With both ends included, repeat exactly the lines of the entries below from the one containing "this 1280×1283 image." down to the one containing "this 1800×1200 image.", and no others.
________________________
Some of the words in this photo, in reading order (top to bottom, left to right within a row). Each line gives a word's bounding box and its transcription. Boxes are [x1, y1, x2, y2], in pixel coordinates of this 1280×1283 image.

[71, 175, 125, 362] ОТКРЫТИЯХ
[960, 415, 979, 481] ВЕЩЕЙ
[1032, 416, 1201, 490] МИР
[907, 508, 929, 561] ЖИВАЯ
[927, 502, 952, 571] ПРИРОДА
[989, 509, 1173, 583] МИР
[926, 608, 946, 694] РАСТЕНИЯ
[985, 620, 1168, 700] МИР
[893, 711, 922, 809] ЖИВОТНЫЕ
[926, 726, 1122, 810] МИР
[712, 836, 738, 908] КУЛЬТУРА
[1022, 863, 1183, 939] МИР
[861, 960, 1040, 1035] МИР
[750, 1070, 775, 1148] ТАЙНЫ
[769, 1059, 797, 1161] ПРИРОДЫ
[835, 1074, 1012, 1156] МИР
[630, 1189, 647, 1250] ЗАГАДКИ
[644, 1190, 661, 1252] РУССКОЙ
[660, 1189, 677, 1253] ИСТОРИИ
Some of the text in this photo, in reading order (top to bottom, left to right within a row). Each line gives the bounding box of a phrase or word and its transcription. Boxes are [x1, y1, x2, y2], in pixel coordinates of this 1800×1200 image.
________________________
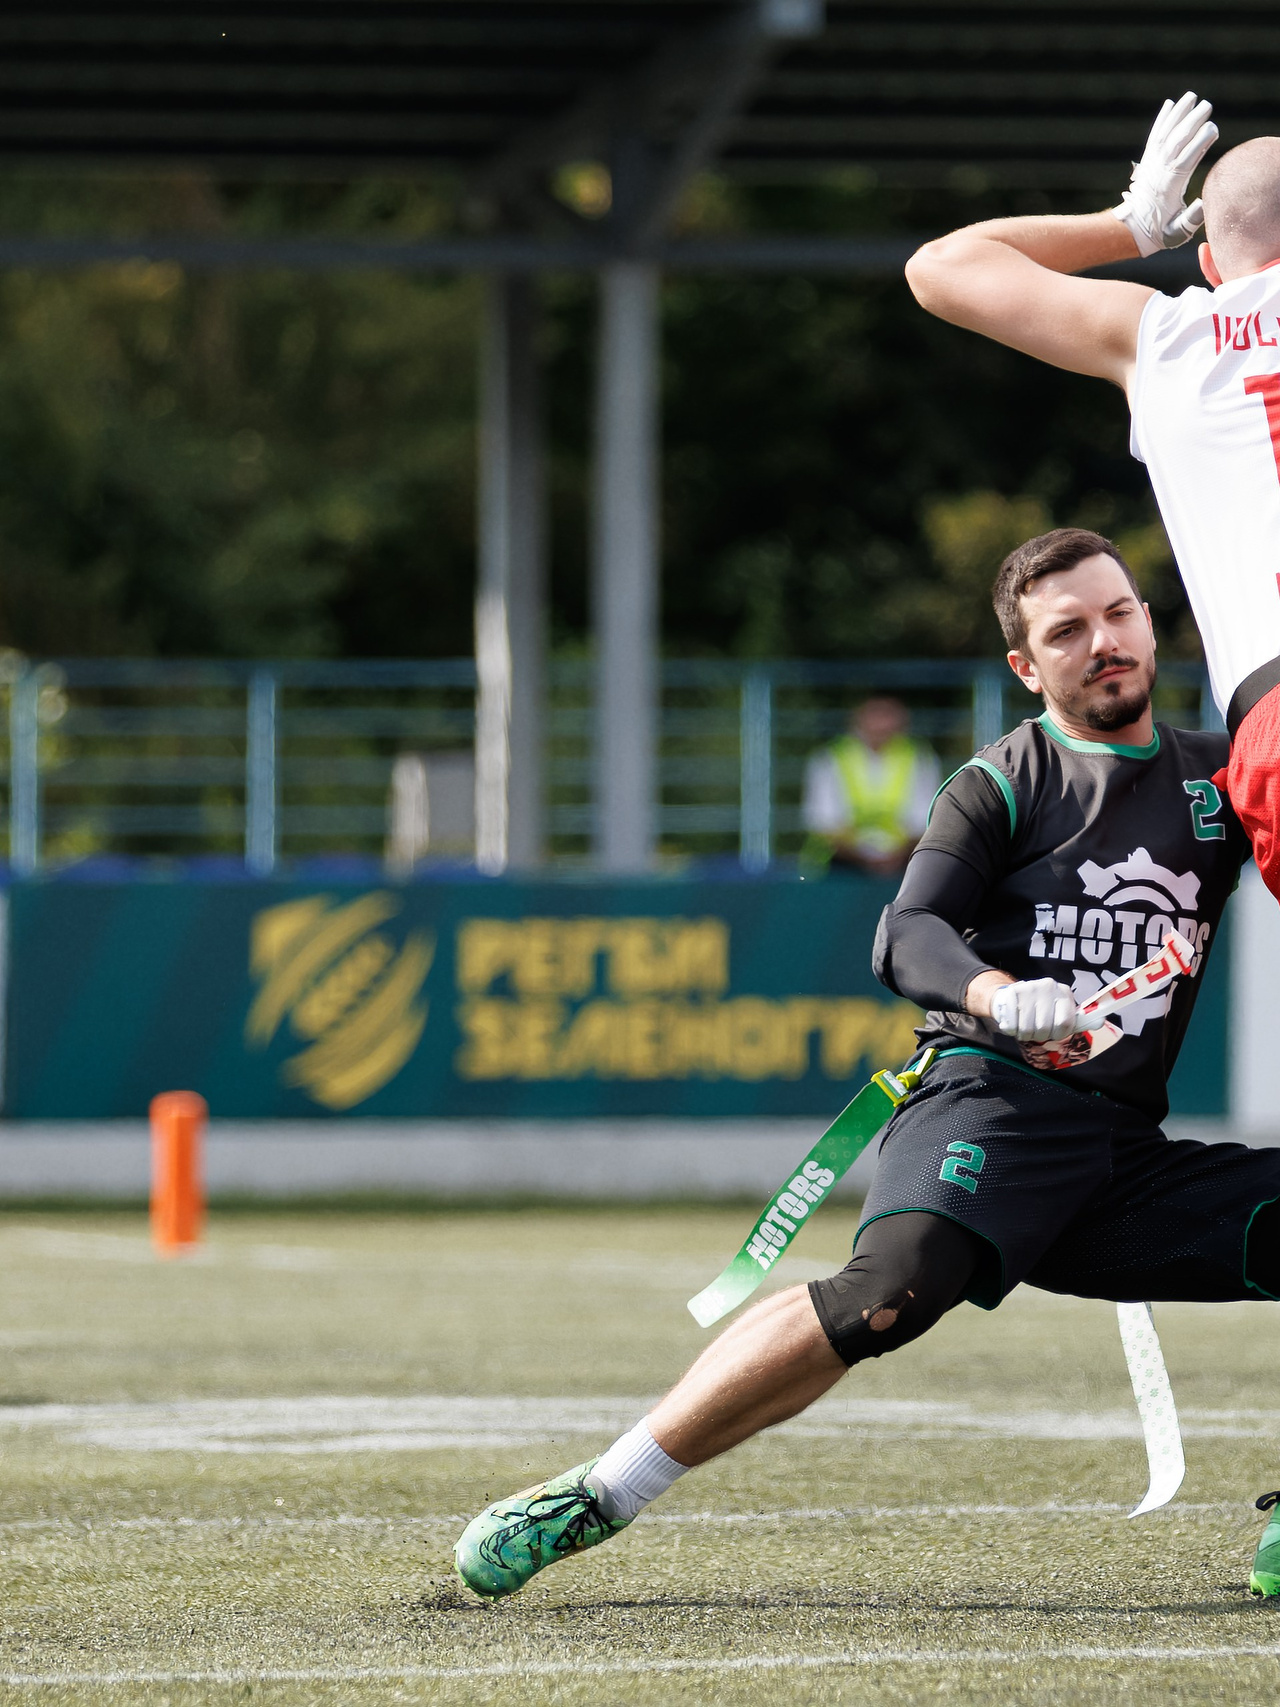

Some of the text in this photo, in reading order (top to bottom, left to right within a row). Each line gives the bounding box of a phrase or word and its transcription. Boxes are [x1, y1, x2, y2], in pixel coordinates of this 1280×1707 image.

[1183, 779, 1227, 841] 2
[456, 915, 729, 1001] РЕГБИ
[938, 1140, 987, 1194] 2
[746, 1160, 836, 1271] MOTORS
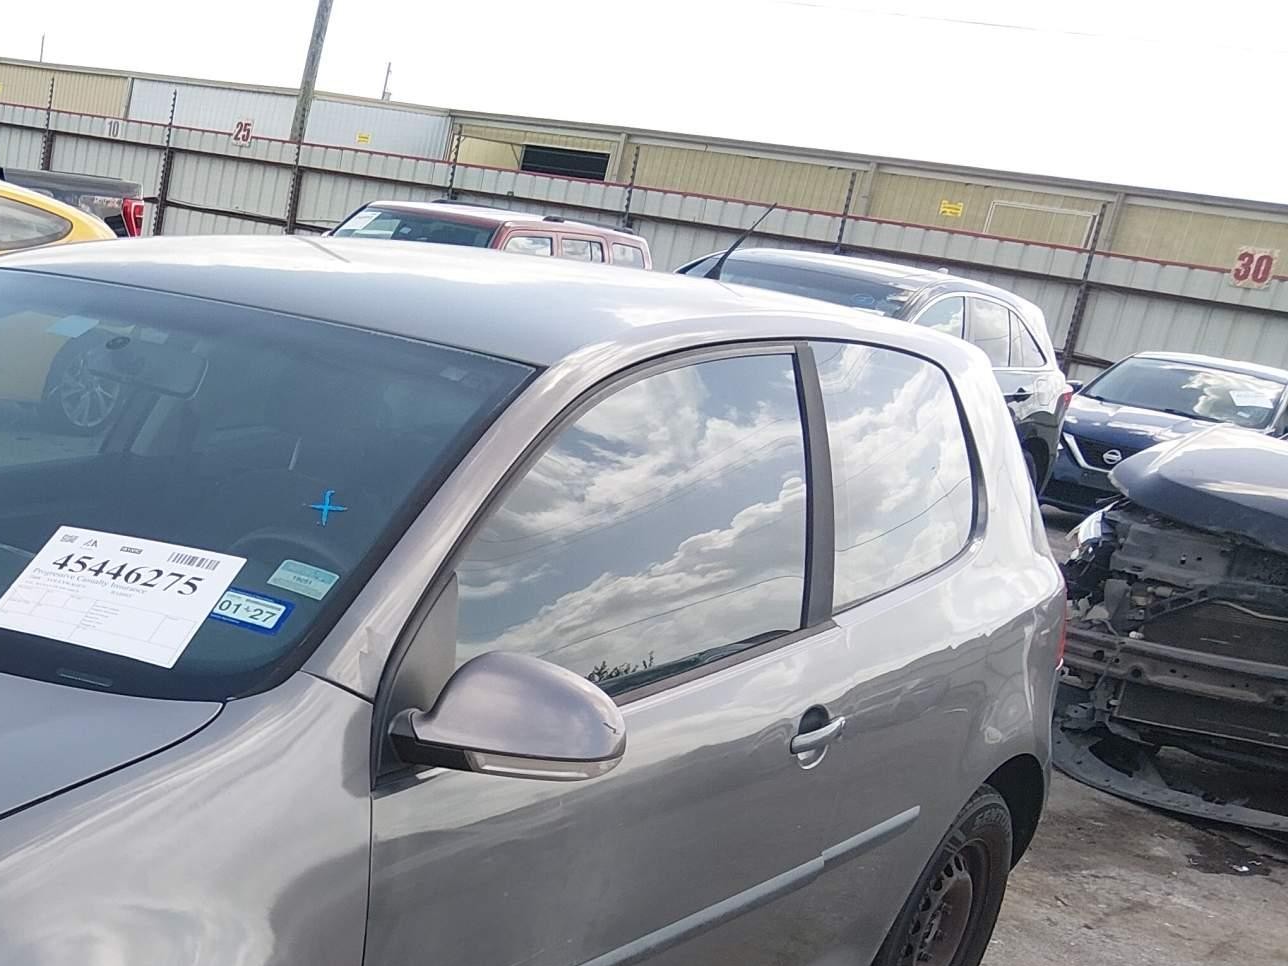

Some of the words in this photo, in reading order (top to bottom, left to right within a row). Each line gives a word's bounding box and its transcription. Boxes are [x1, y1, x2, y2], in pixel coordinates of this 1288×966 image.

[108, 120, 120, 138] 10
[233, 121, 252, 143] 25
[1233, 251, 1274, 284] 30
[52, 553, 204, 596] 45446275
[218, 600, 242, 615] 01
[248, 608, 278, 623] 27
________________________
» Worked solution
Some of the words in this photo, in reading order (top to bottom, left to right within a row). Each line gives a word's bounding box and its transcription. Boxes are [x1, y1, x2, y2], in pixel coordinates of this 1280×1283 image.

[71, 175, 125, 362] ОТКРЫТИЯХ
[960, 415, 979, 481] ВЕЩЕЙ
[1032, 416, 1201, 490] МИР
[907, 508, 929, 561] ЖИВАЯ
[927, 502, 952, 571] ПРИРОДА
[989, 509, 1173, 583] МИР
[926, 608, 946, 694] РАСТЕНИЯ
[985, 620, 1168, 700] МИР
[893, 711, 922, 809] ЖИВОТНЫЕ
[926, 726, 1122, 810] МИР
[712, 836, 738, 908] КУЛЬТУРА
[1022, 863, 1183, 939] МИР
[861, 960, 1040, 1035] МИР
[750, 1070, 775, 1148] ТАЙНЫ
[769, 1059, 797, 1161] ПРИРОДЫ
[835, 1074, 1012, 1156] МИР
[630, 1189, 647, 1250] ЗАГАДКИ
[644, 1190, 661, 1252] РУССКОЙ
[660, 1189, 677, 1253] ИСТОРИИ
Some of the text in this photo, in reading order (top to bottom, left to right within a row). Each line gives the bounding box of a phrase or word and its transcription. Boxes are [x1, y1, x2, y2], in pixel coordinates of this 1800×1200 image.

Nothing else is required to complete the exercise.